Изменить стиль страницы

Петрухин спрыгнул с крыльца, по твердой тропе пробежал до казармы, сделал несколько упражнений и, поддев ладонью влажный снежок, докрасна растер руки и грудь. Запрыгал, фыркая и отдуваясь. Вышел Манасюк, усмехнулся, сощурился на яркую белизну, и Петрухин вспомнил ночные выстрелы.

— Старшина! — крикнул он, перестав прыгать. — Готовь лыжи. Сказку пойдем ловить. Обещал.

После завтрака они натянули легкие брюки и свитеры, стали на лыжи и пошли в конец села, к дому колхозника Королькова.
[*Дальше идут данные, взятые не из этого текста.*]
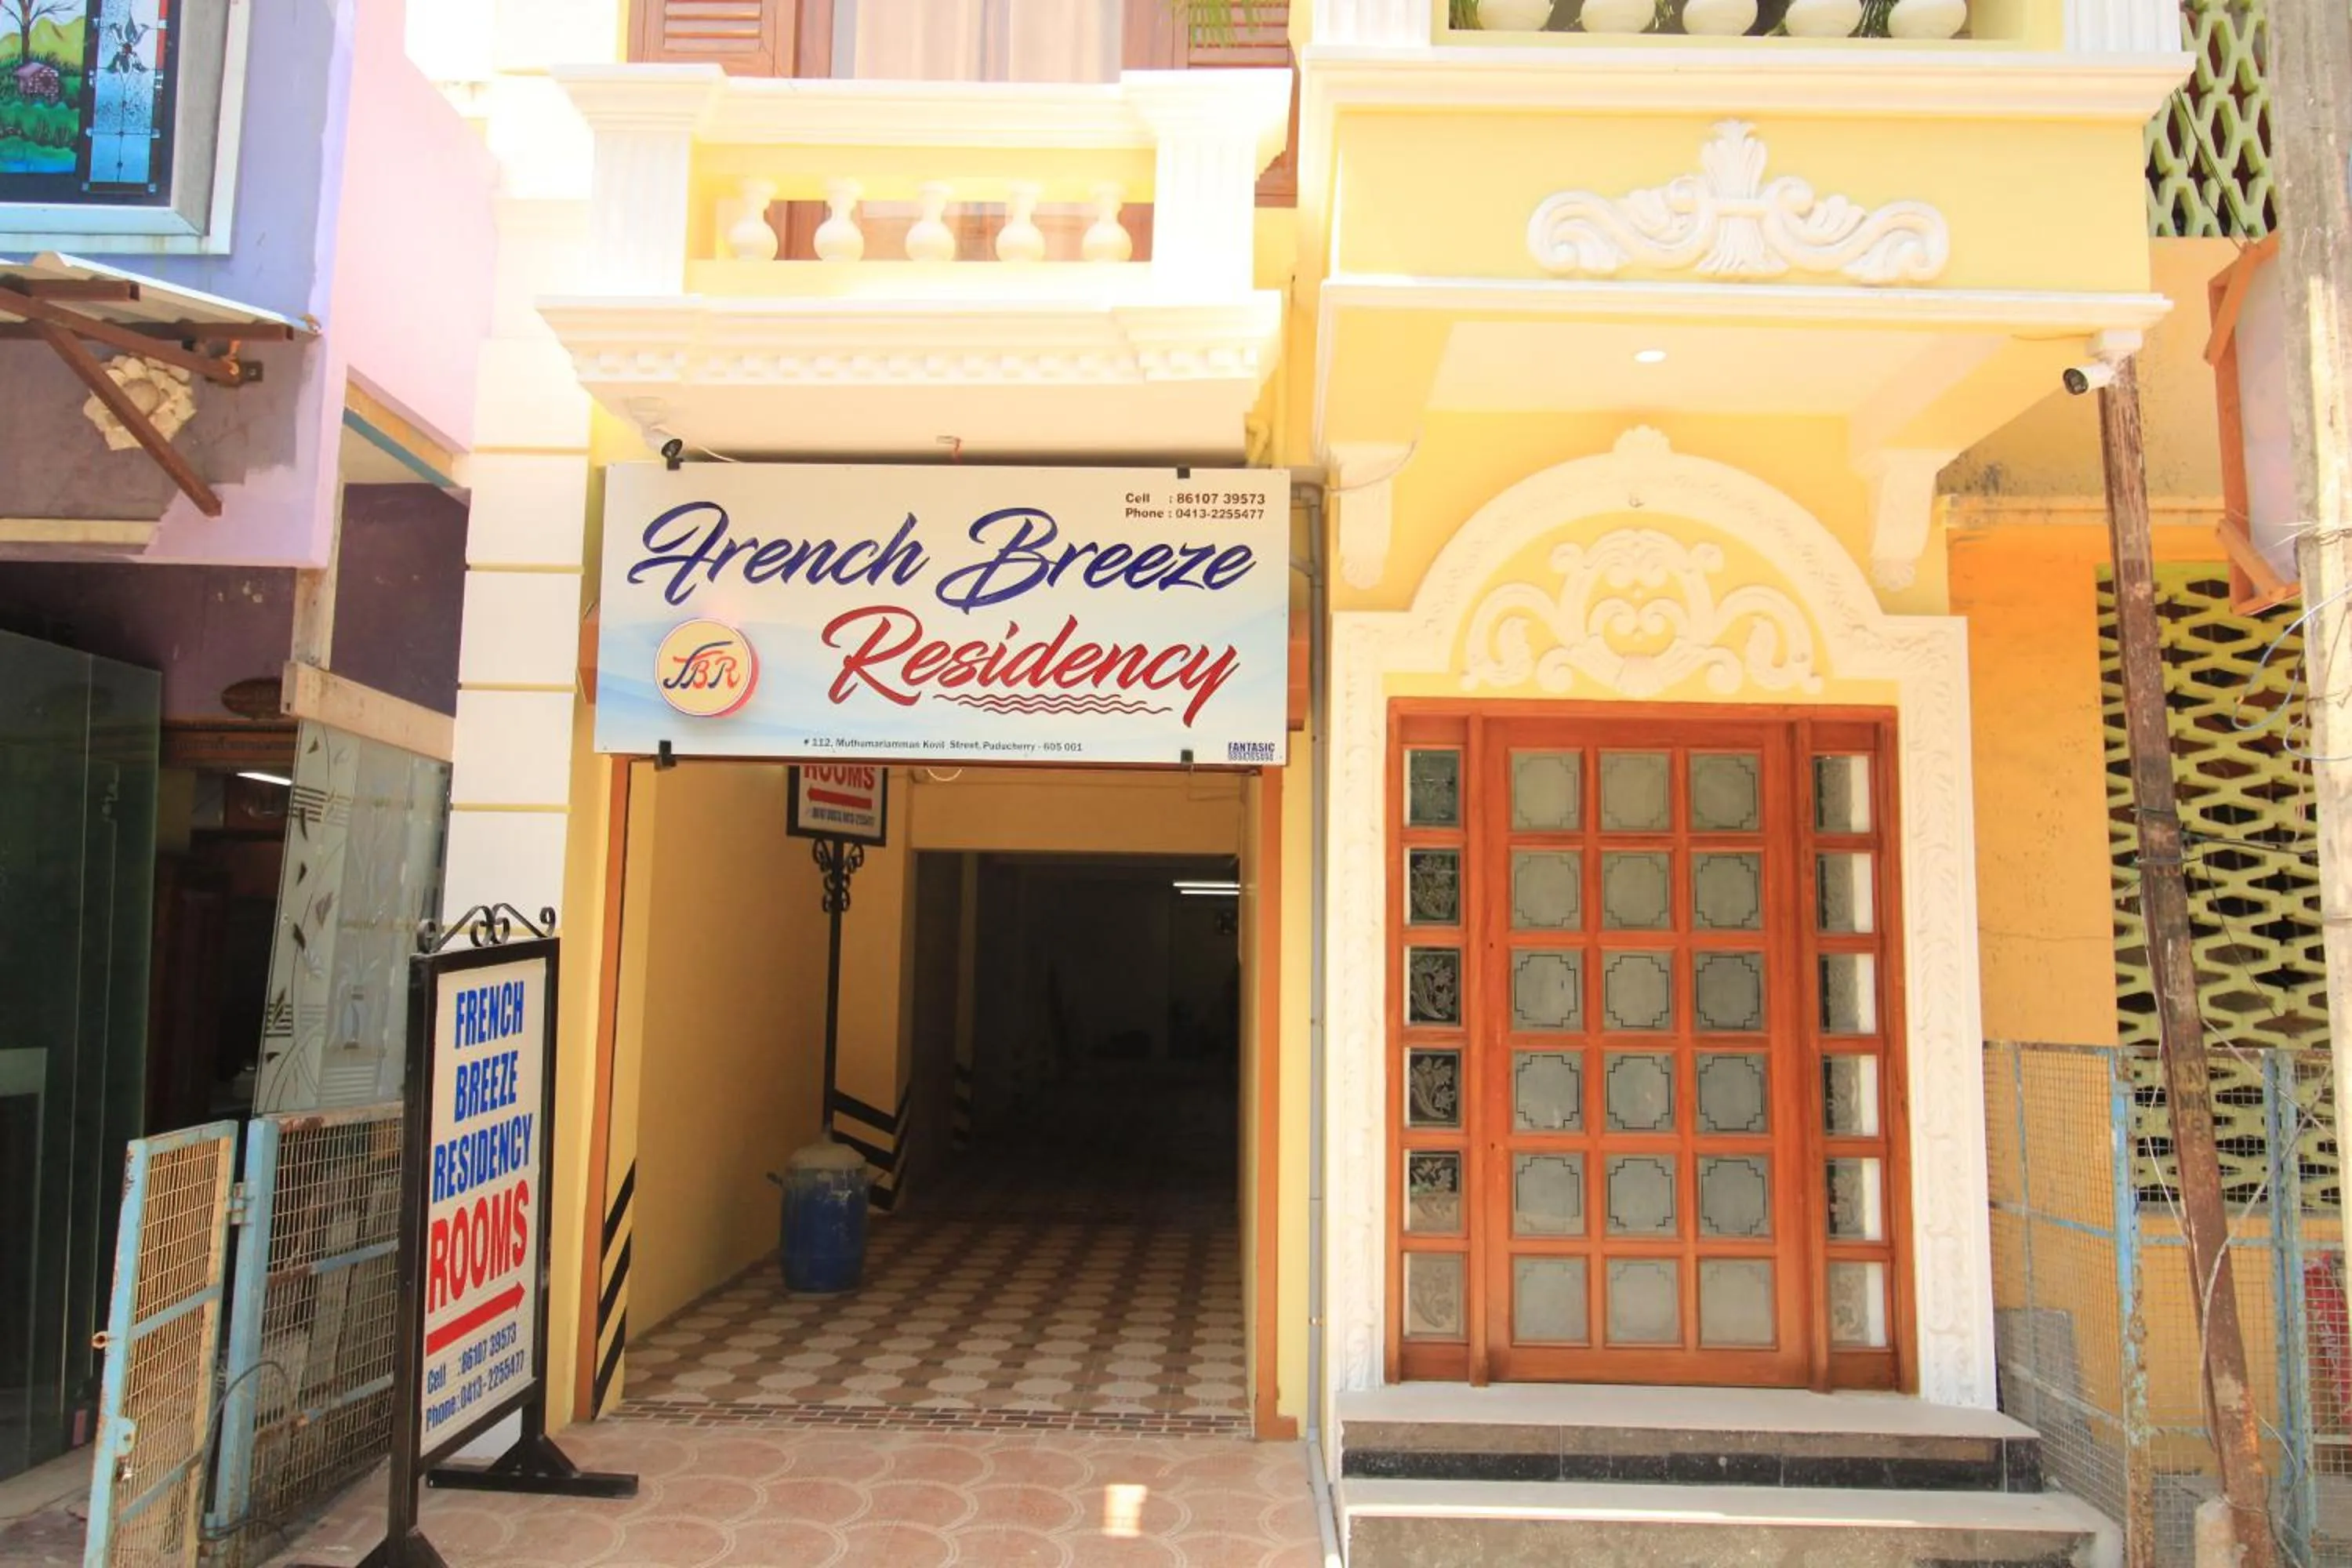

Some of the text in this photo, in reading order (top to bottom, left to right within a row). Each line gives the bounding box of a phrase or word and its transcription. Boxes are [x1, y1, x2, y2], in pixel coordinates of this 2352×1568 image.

Хозяин расхаживал по двору, поднимал, прилаживал поваленные жерди забора. От стога сена осталось темное пятно на снегу да разметанные, рваные клочки вокруг двора.

— Вот, — сказал Корольков, — беда, начальники! Без кормов остался. — Помолчав, хлопнул рукавицей об рукавицу, полез за табаком. — Хуже нет на краю проживать. Как глыбкий снег, они меня обирают.

Корольков в полушубке, толсто подшитых валенках, пухлой собачьей шапке. Он, видимо, не из крепких хозяев, не из горячих работников. И сенцо-то свое, небось, с трудом по осени наскреб. Жаль стало Петрухину лохматого мужичка: «И надо ж, где тонко, там и рвется». Решил с председателем поговорить — может, помощь окажет.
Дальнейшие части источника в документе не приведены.